On Jerome and Retirement: From Outgoing President Ben Cameron
After almost 40 years spent in the arts—including more than 25 years spent in grantmaking through service organizations or at government, corporate and private Foundations—I was lucky in 2015 to be invited to lead the Jerome Foundation—a singular opportunity that brought me to a Foundation dedicated entirely to the arts, serving the vibrant communities of Minnesota and New York City.
My time at Jerome has been spent asking questions:
- What if we began not with strategy, but with clear core values from which a strategy would spring?
- What would it mean, not merely to support these values, but to model them and to let them guide us in our own recruitment of our Board and staff?
- Could we build a Board that would broaden its traditional role of oversight to (as Richard Chait has said) embrace insight and foresight as well?
- How could we together harness the specific advantages of permanently endowed foundations to maximally benefit communities?
- Could we reconfigure our processes, our eligibility, our relationships to more deeply and equitably connect to and embrace the multiple communities around us?
- How might our connections with the world shift if we saw the role of grantmaker, not as judge/assessor/evaluator, but as facilitator/ listener/synthesizer?
- Could we prioritize aligned values and already demonstrated achievement in determining grantees?
- What would happen if we allowed grantees to deploy funds, not in conformity with what we had pre-determined was important but in line with what grantees themselves told us they most needed?
- And what if we set aside change theories and grants designed to help grantees do new things, and instead supported to the fullest extent possible those already living the changes in the world we hoped to see?
There have been some painful moments along the way, not every question has been answered successfully, of course, and some are even now only being cracked open. But my hope is that these questions have cultivated a culture of curiosity, possibilities and reimagining, have produced positive change and have been of value, not only to the Foundation, its board and its staff, but to the larger communities in which we exist.
In this journey, I have been the beneficiary of the patience and hard work and passion of a lean and mighty staff; the dedication, commitment and zealous protection of Jerome Hill’s legacy by our Members of the Jerome Foundation; and the generosities of time and wisdom and counsel of our board, our extraordinary, delicious, wonderful board—led at different moments by Charlie Zelle, Philip Bither, Linda Earle and Kate Barr, each a brilliant, brilliant chair. To all of these, I owe more than I can ever begin to say.

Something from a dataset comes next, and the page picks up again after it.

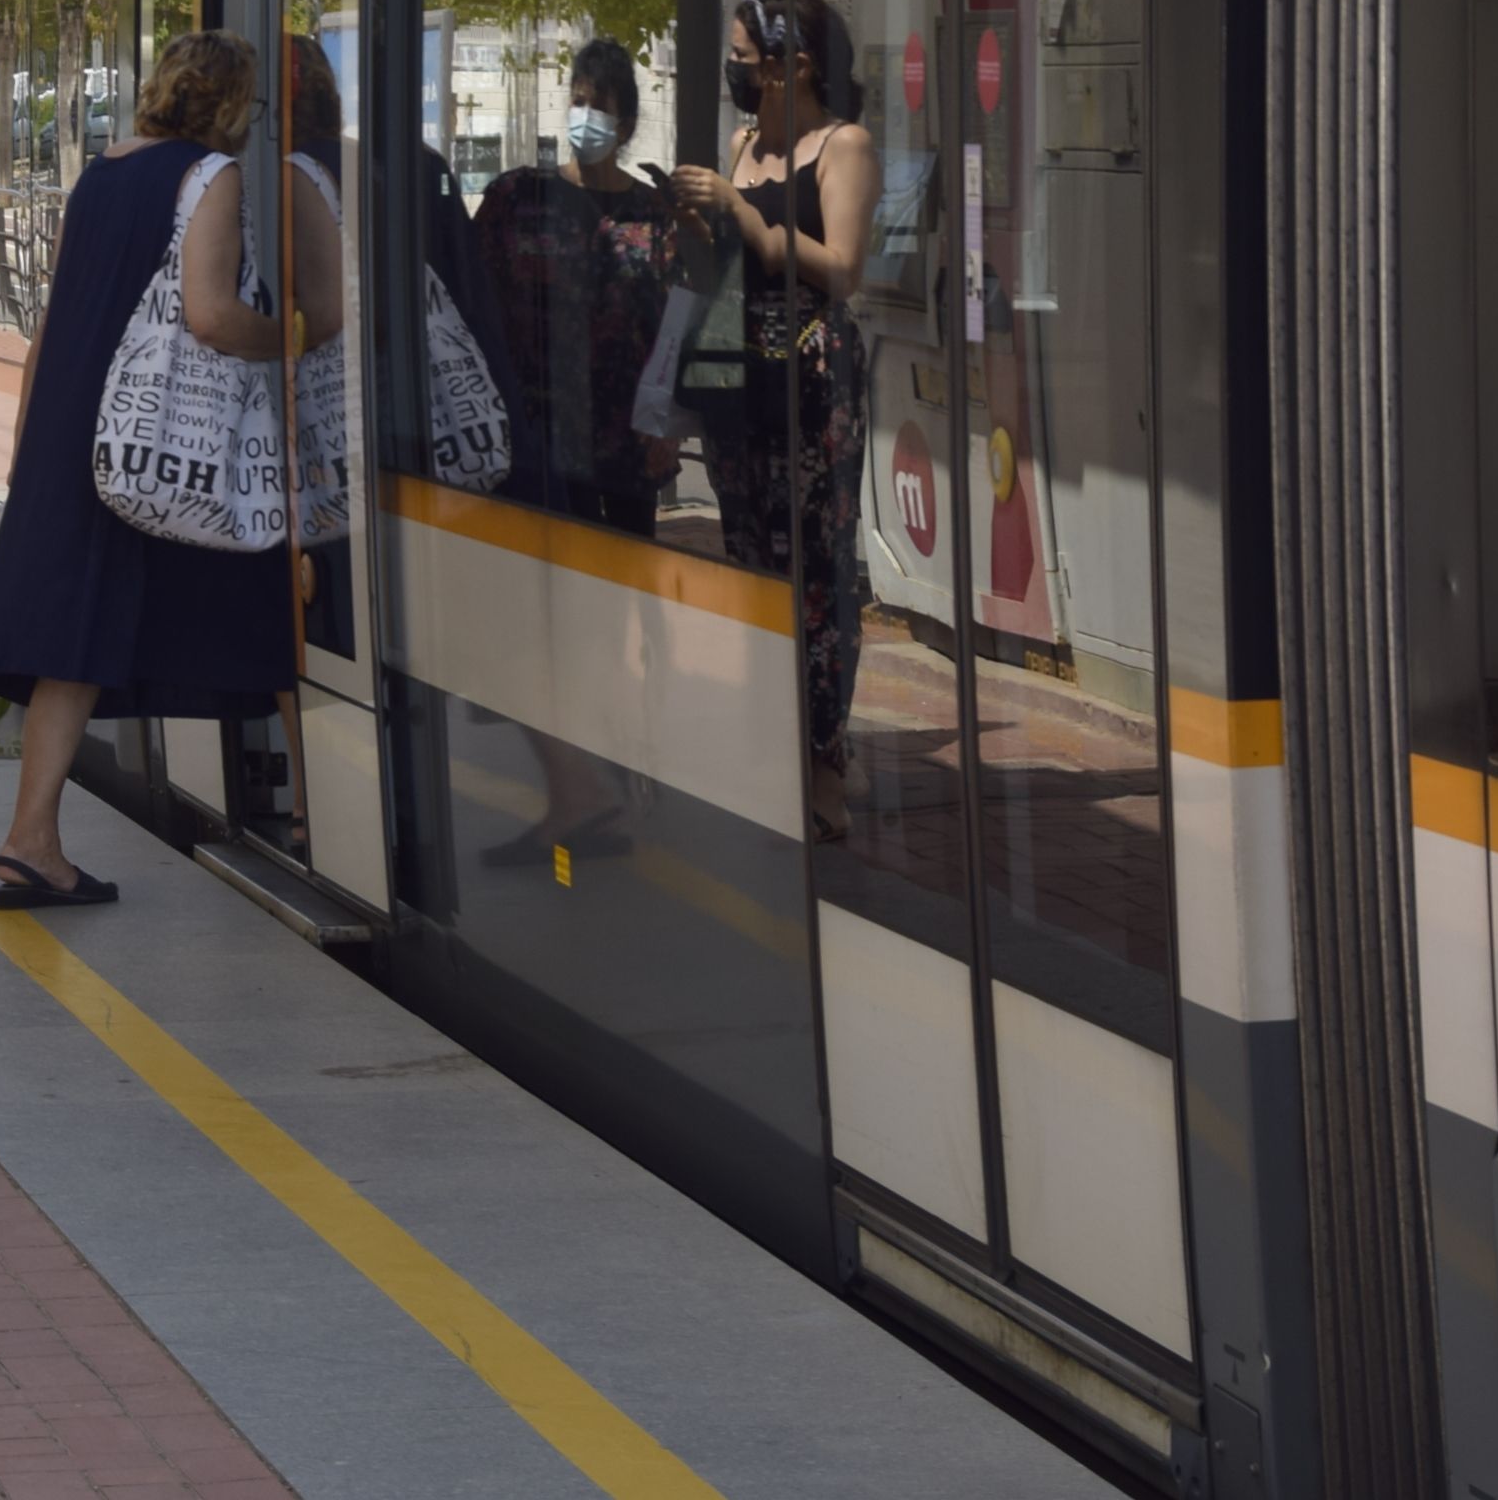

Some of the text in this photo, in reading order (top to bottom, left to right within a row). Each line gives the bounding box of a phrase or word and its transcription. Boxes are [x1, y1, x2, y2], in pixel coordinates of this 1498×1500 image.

I have always been leery of the seductive power of professional grantmaking and have believed that periodic—and relatively frequent—turnover in leadership positions can refresh the field in a way that is good for the individual leader, a foundation and philanthropy writ large. Now the world around me and my own biological clock are telling me it is time (perhaps past time) for me to step down—and so I do, in the belief that the search ahead will bring out the deepest and best in our Foundation, in confidence that my successor will bring their own extraordinary, unique and by necessity thrillingly different perspective to the work ahead; and in hopes that the staff, Members, Board, the artists, the arts organizations and the communities that comprise our world will accord them the same generosity in supporting curiosity, experimentation and growth that they all have accorded me.
Even though I am leaving, I still and will always believe that the arts are essential to our existence, and that the world today has never needed them more. It has been an honor to have been of service to the extraordinary artists, administrators, technicians and organizations I have had the joy of knowing throughout my career. I only hope that I have been useful to them in some way at some time, that something I have done reflects and honors the myriad ways they have enriched my life, and that none will not hesitate to call if I can ever be useful to them in the future.